The budget also includes funds for the replacement of four retiring teachers and a retiring personnel administrator, and for the many unfilled support staff positions, including more than a dozen vacant paraprofessional positions.

The added new positions were decided upon to keep up with enrollment predictions at the elementary level, Brandstetter explained at a meeting on May 3. No positions are being cut, and all retirements are being filled.

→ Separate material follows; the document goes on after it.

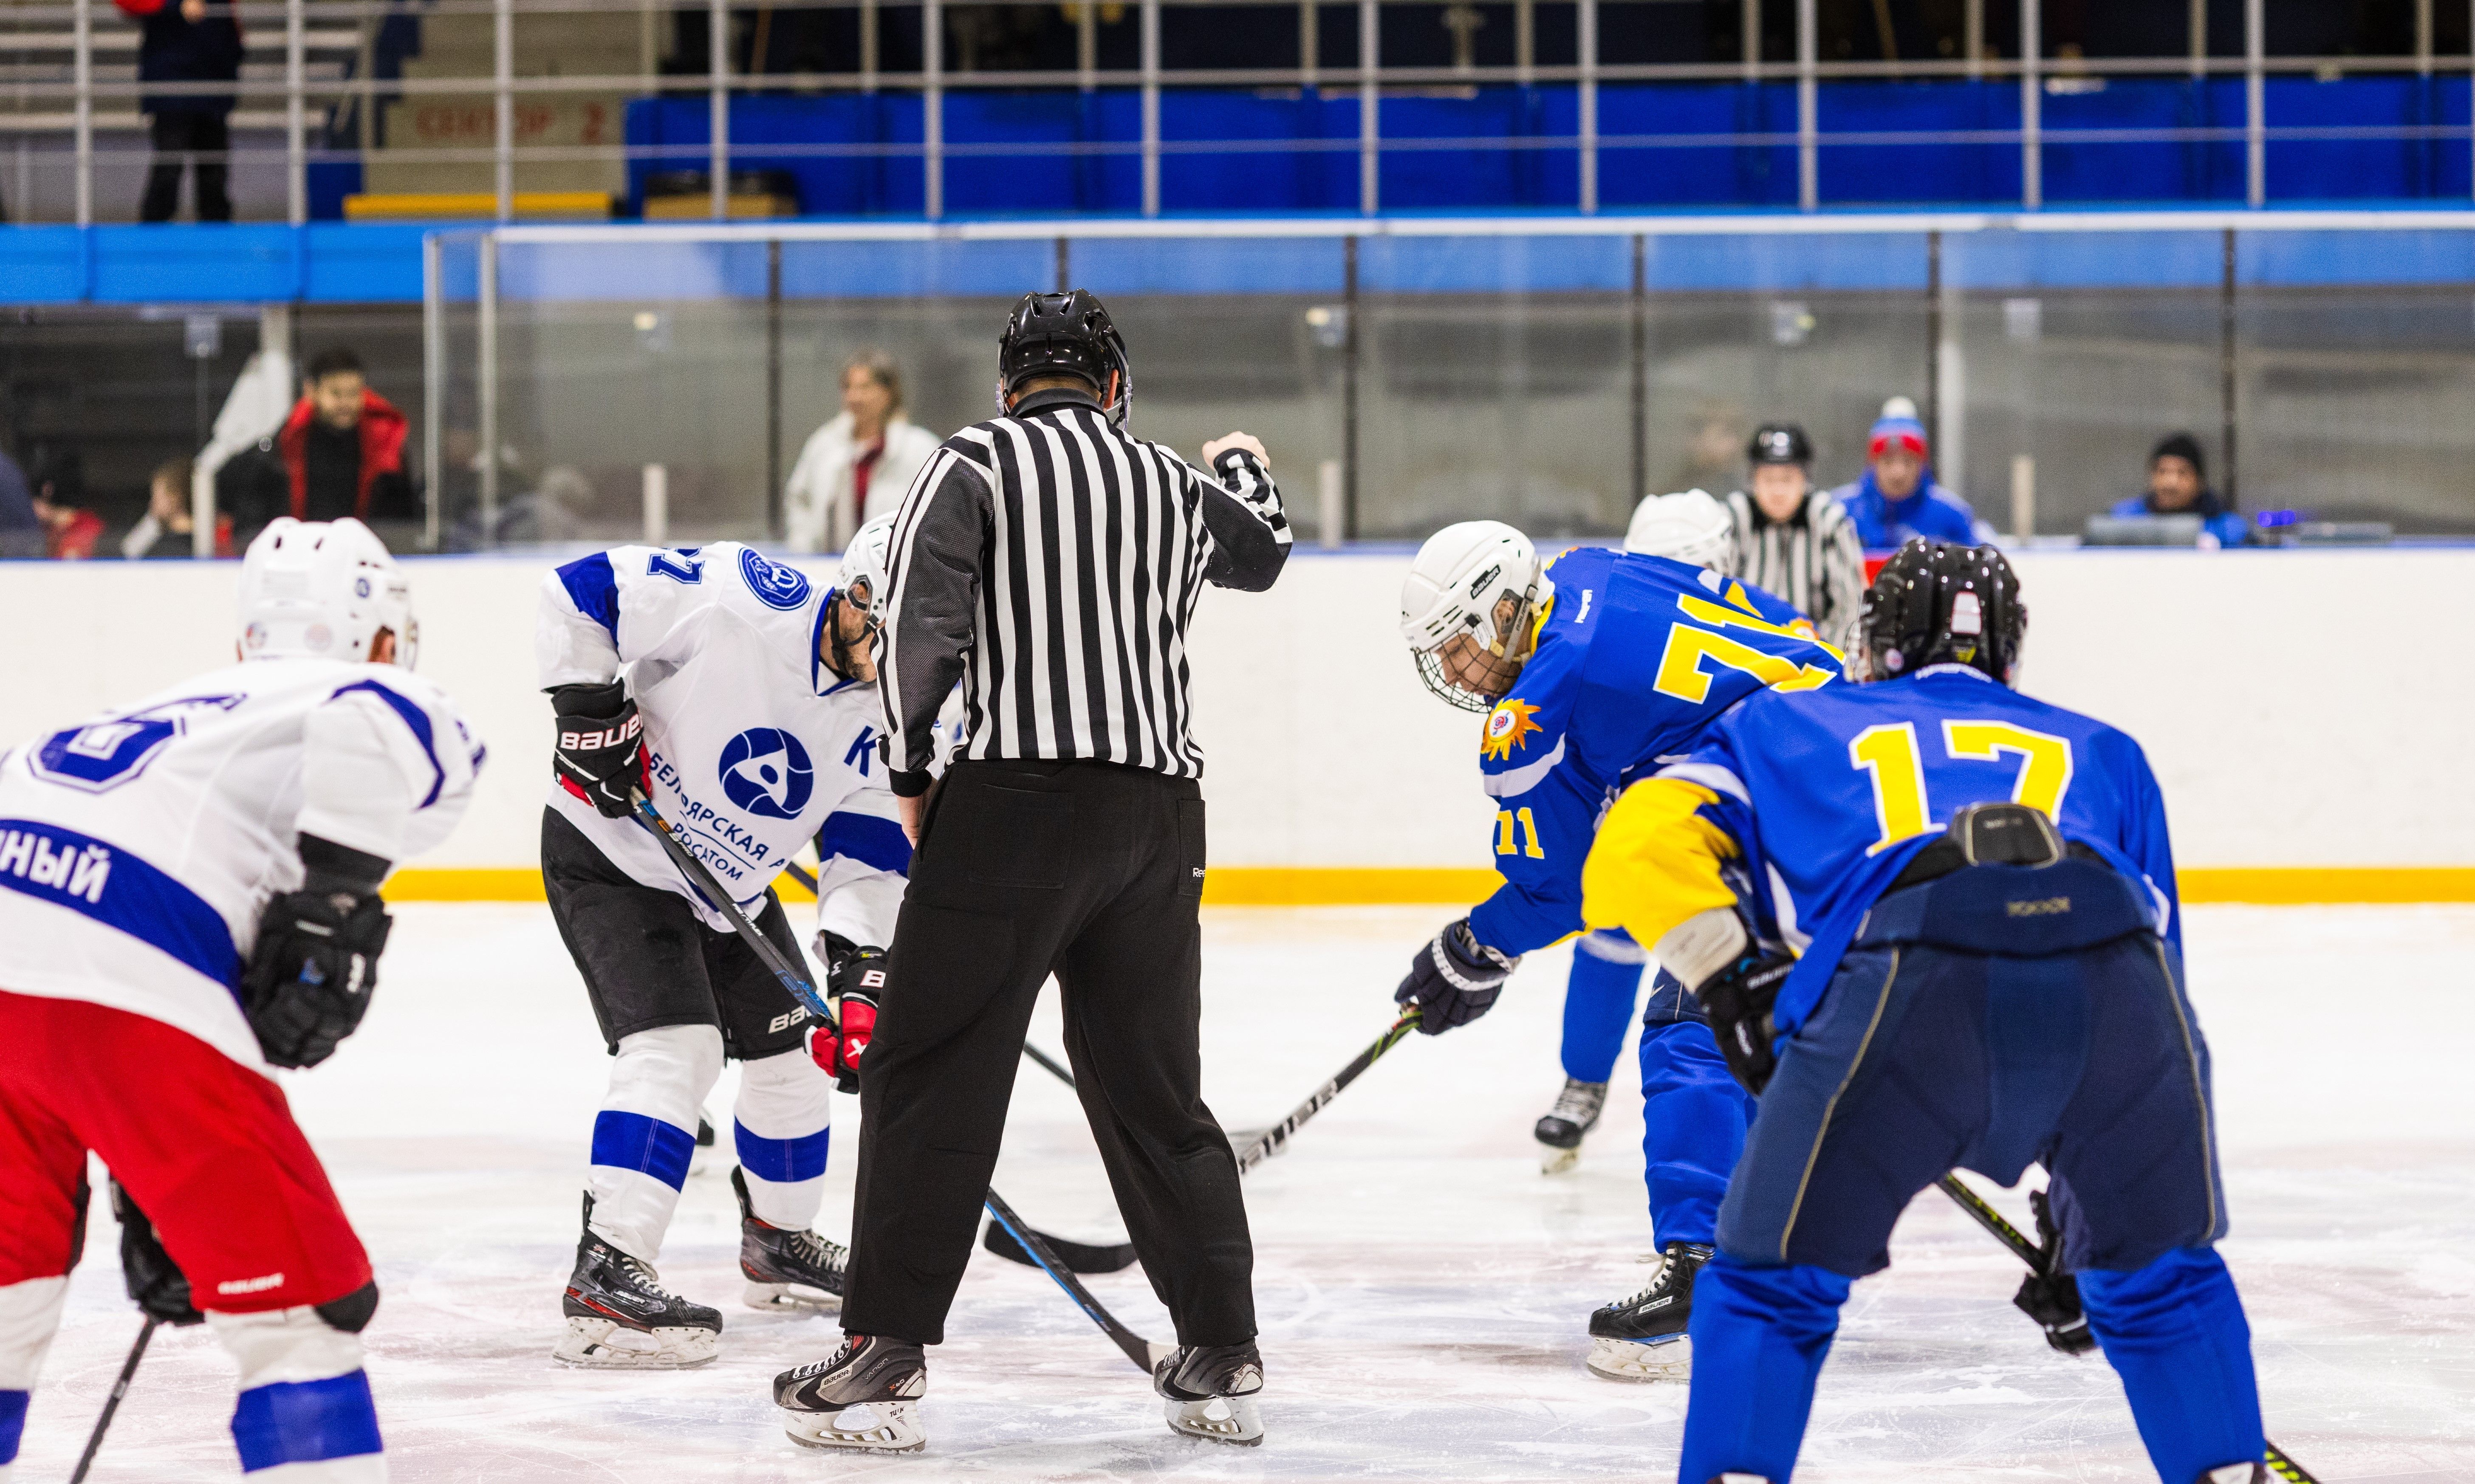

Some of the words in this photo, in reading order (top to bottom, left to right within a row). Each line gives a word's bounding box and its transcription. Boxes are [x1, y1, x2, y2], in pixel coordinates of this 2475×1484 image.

“(Elementary enrollment projections) were the driving force behind the elementary positions that we are recommending,” she said. “We looked at our current sections, and determined that the class size would put grades four, five and six at 27 and 28 students, so we decided to add a teacher to each of those grade levels ... by doing that, it reduced the class sizes down to 25 and 24.”

An expansion of the 1-to-1 technology program that provides students with school laptops and iPads is also included. Fifth-graders and ninth-graders will be getting new Chromebook laptops, while the district will purchase 250 additional iPads for the third- and fourth-grade levels.

Plans for busing changes

The budget also includes some re-routing in the transportation category for non-public bus routes that serve private and religious schools, such as Holy Sepulcher Catholic School and Eden Christian Academy.

Christina Smith, Mars Area’s director of transportation, explained the plan to consolidate the non-public bus routes at a meeting on May 3.

“If you look to 2021-22, we currently have eight 72-passenger buses that we utilize for St. Kilian’s, North Catholic, Blessed Seelos and Eden. Currently, we run three 30-passenger buses for Penn Christian and Holy Sepulcher,” she said. “We also have two Aquinas routes that we run (two) 30-passenger buses.”

The new routes change the bus numbers to five 72-passenger buses and one 30-passenger bus for the first category and one 72-passenger bus for the second, with one Aquinas route being eliminated and the other added to other mainline routes.

In total, the plan frees up four bus drivers to fill other routes, which will assist with an ongoing driver shortage, Smith said.

“Just like Dr. (Mark) Gross discussed at the last meeting, the situation with the custodians is dire, and it’s just as dire on the school bus front,” Smith said. “We don't have people coming in the door as bus drivers, so we’re trying to think out of the box and find new, creative ways to get the kids to school, and save drivers that we can use on routes that we don’t have drivers for.”

The largest addition in ride time for any student would be 25 minutes, Smith said

Board comments

On Tuesday night, school board member Justin Miller said that he was glad that the tentative budget did not include a tax increase, and that no programs are being cut.

“We’re replacing all the retiring teachers, and adding some,” said board member Lee Ann Riner. “In the budget, we still include fulfill(ing) all the paraprofessional positions, and custodial and maintenance.”

Board member Anthony DePretis added that he appreciated the detail that Brandstetter put into the budget presentation last week.

“The public has been asking for a lot more detail into what goes into it,” he said. “It was neat to have a resource to do that with.”